# Aim of the exercise:
All the entries need to be quoted exactly, apart from the pictures, which you should drop.
*** Opening Listed records ***
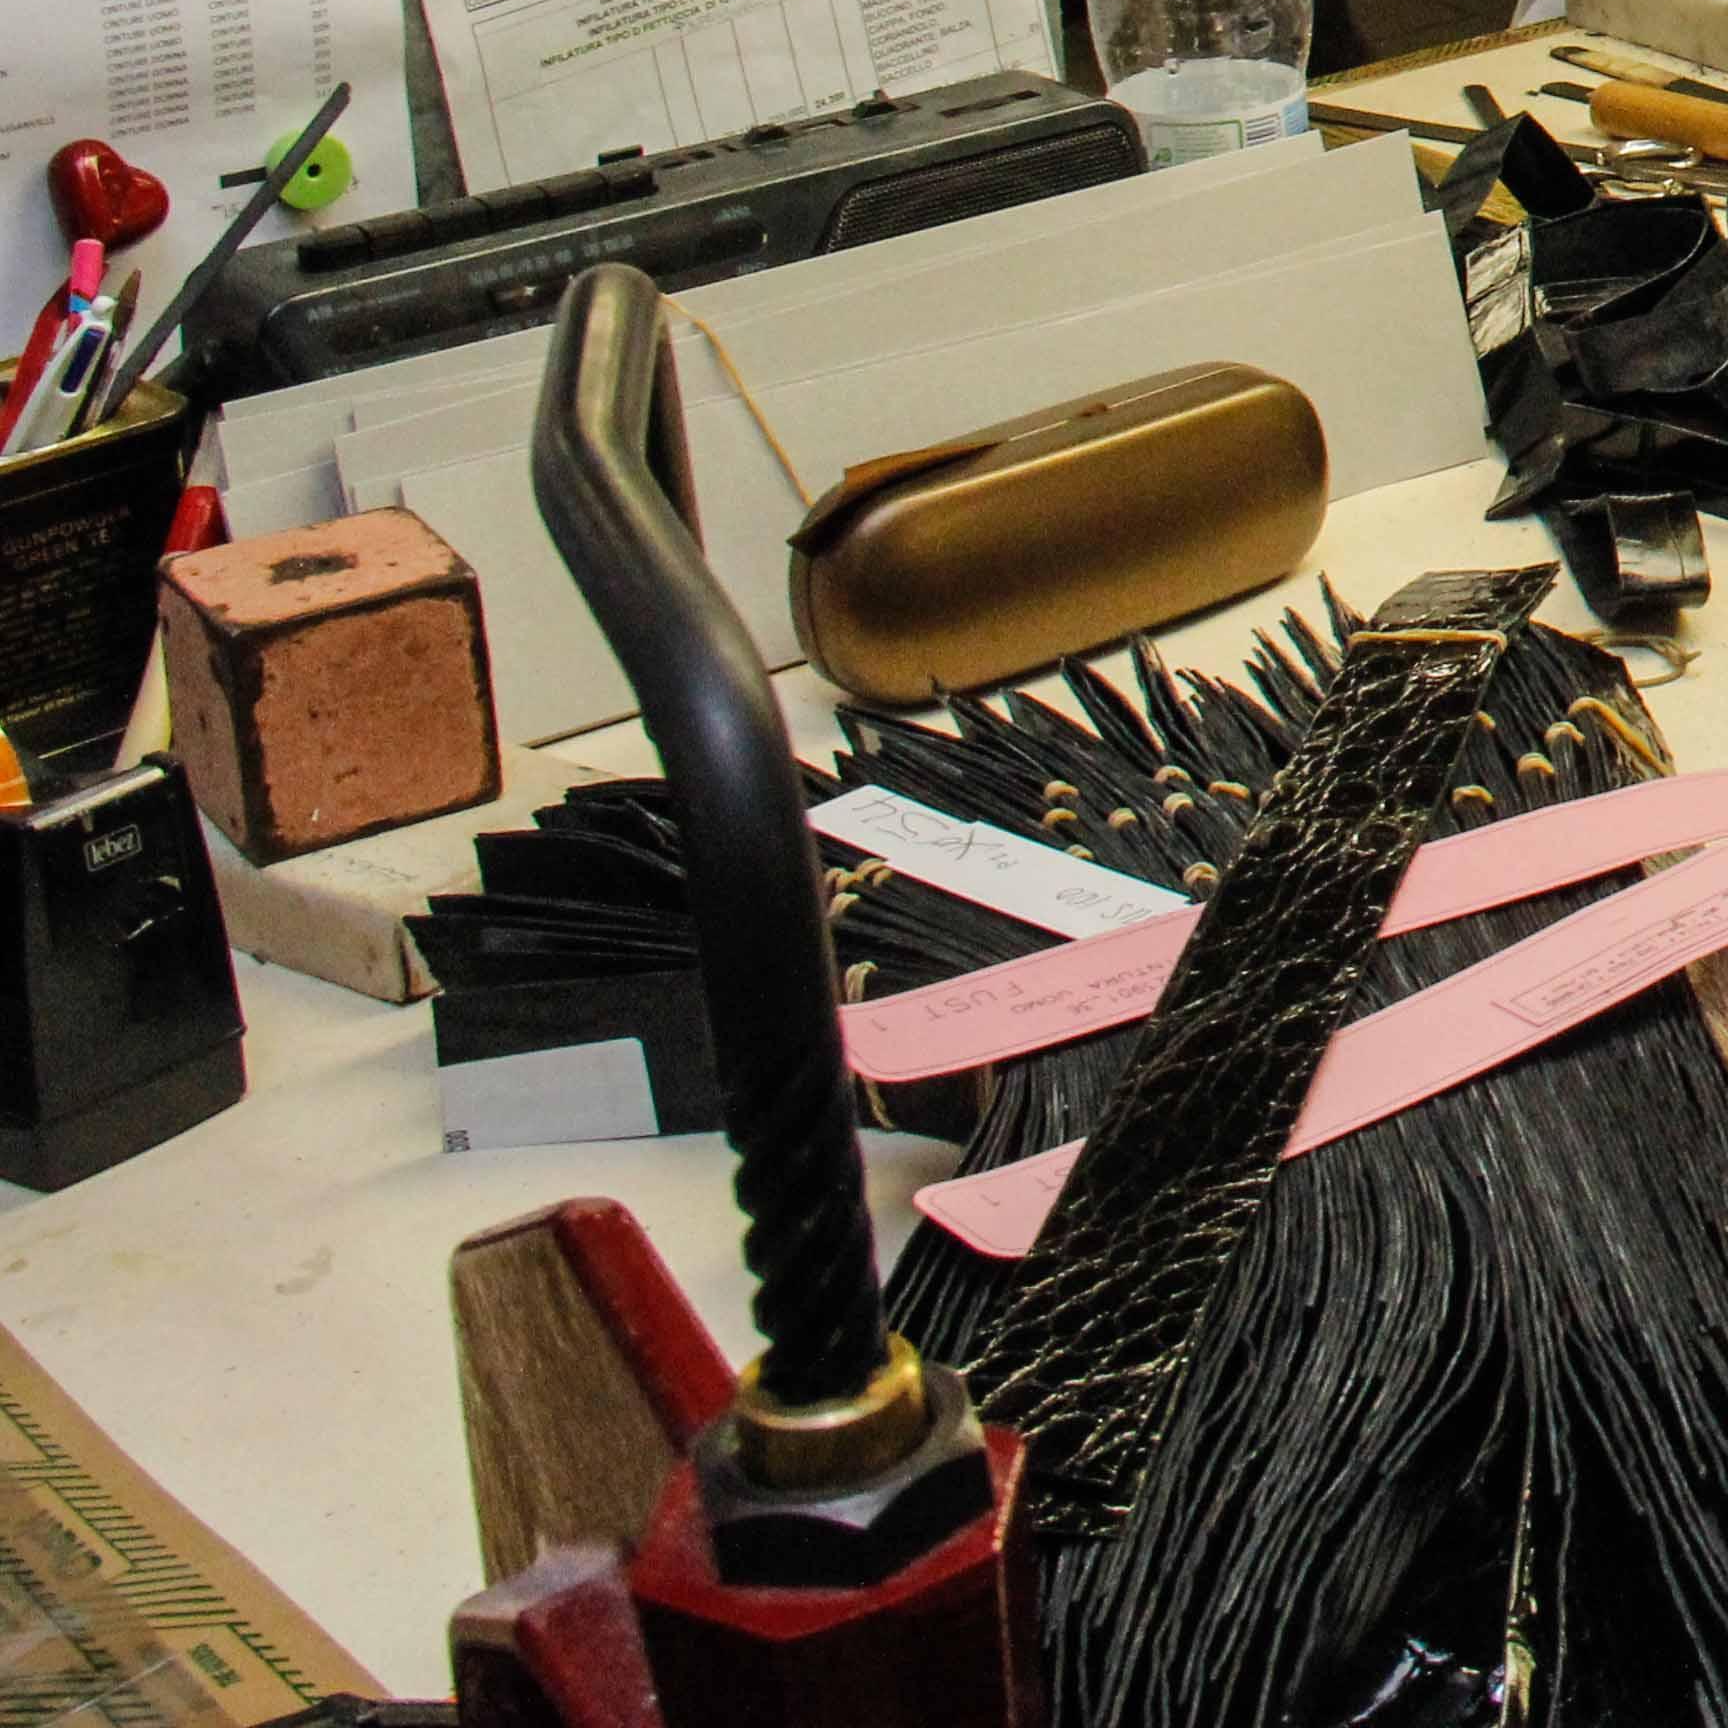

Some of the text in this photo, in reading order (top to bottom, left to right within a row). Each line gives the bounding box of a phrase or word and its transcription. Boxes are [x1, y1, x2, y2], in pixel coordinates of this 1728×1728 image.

[538, 37, 605, 68] INFILATURA
[604, 28, 631, 44] TIPO
[640, 4, 702, 32] FETTUCCIA
[585, 8, 651, 37] INFILATURA
[89, 831, 137, 865] lebez
[921, 978, 1024, 1022] FUST
*** Closing Listed records ***
# Answer to the exercise:
Some of the text in this photo, in reading order (top to bottom, left to right within a row). Each line gives the bounding box of a phrase or word and its transcription. Boxes are [x1, y1, x2, y2], in pixel coordinates of this 1728×1728 image.

[538, 37, 605, 68] INFILATURA
[604, 28, 631, 44] TIPO
[640, 4, 702, 32] FETTUCCIA
[585, 8, 651, 37] INFILATURA
[89, 831, 137, 865] lebez
[921, 978, 1024, 1022] FUST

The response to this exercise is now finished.